Adapting the feed, the animal and the feeding techniques to improve the efficiency and sustainability of monogastric livestock production systems
Adapting the feed, the animal and the feeding techniques to improve the efficiency and sustainability of monogastric livestock production systems

Effect of heat stress on faecal microbiota composition in swine: preliminary results

Authors: 
Mathilde Le Sciellour (INRA), filmed and edited by Jacek Niemirski, titles by Gilles Tran (AFZ)
Publication date: 
8 January 2019
Full title: 
Effect of heat stress on faecal microbiota composition in swine: preliminary results
Publishing information: 
Feed-a-Gene / SAPHIR
Video (YouTube): 
Abstract: 

Communication by Mathilde Le Sciellour, INRA, Feed-a-Gene project
Feed-a-Gene/SAPHIR session "Multidisciplinary approaches for improving sustainable livestock production: research needs, opportunities and difficulties" held on 30 August 2018 at the 69th EAAP meeting in Dubrovnik, Croatia.
Chair: Jaap van Milgen, INRA, Feed-a-Gene project coordinator & Marie-Hélène Pinard-van der Laan, INRA, SAPHIR deputy coordinator

Gut microbiota plays a central role in health and nutrient digestion and would help the host for better coping with environmental perturbations. In tropical conditions or in temperate countries during Summer, elevated ambient temperatures can cause economic losses to the pig industry. During heat stress (HS), the reduction in voluntary feed intake is the main adaptation response for reducing heat production. This lower feed intake has subsequent negative effects on pig performance. The main purpose of this study was to investigate the relationships between HS and gut microbiota composition.

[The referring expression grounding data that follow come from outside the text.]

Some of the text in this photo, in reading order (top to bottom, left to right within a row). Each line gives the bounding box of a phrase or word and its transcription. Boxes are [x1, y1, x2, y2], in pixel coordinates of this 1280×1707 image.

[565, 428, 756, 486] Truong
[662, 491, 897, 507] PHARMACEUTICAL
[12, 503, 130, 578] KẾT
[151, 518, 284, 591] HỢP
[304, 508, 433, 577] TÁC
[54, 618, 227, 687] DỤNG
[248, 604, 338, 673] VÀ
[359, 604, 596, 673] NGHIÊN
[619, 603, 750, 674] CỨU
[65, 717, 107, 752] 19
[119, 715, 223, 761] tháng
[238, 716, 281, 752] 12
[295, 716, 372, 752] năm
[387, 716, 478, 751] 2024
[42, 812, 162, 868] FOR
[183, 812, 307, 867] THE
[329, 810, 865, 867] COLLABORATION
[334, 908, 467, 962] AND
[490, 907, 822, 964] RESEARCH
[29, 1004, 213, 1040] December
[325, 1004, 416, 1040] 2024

A better understanding of the microbiota response to HS could allow the selection for animals well adapted to HS. Genetically related pigs were raised under temperate or tropical farm conditions with mean thermal humidity indexes respectively 23 and 25.5 from 11 to 23 weeks of age. In temperate conditions, pigs were submitted to a 3-week HS challenge at 30°C. Fecal samples were collected in all pigs at 23 weeks of age in both environments (n=1200 samples) and at 26 weeks of age in the temperate environment (n=600). Therefore, it was possible to compare microbiota from pigs raised in a temperate environment, a tropical climate, and exposed to HS. Microbiota extracted from pigs under temperate and tropical climate had different compositions whereas pigs exposed to heat challenge or raised in tropical conditions tended to share a common microbiota. HS challenge drastically modified gut microbiota and the groups before and after the challenge could be predicted in a multilevel sparse partial least square discriminant analysis with 30 OTUs and a mean classification error rate of 14%. Our experiment suggests that microbiota can be used as biomarkers of HS exposition. This study is part of the Feed-a-Gene Project funded by the European Union’s H2020 Program (grant 633531), and of the PigHeat project funded by the French National Agency of Research (ANR-12-ADAP-0015).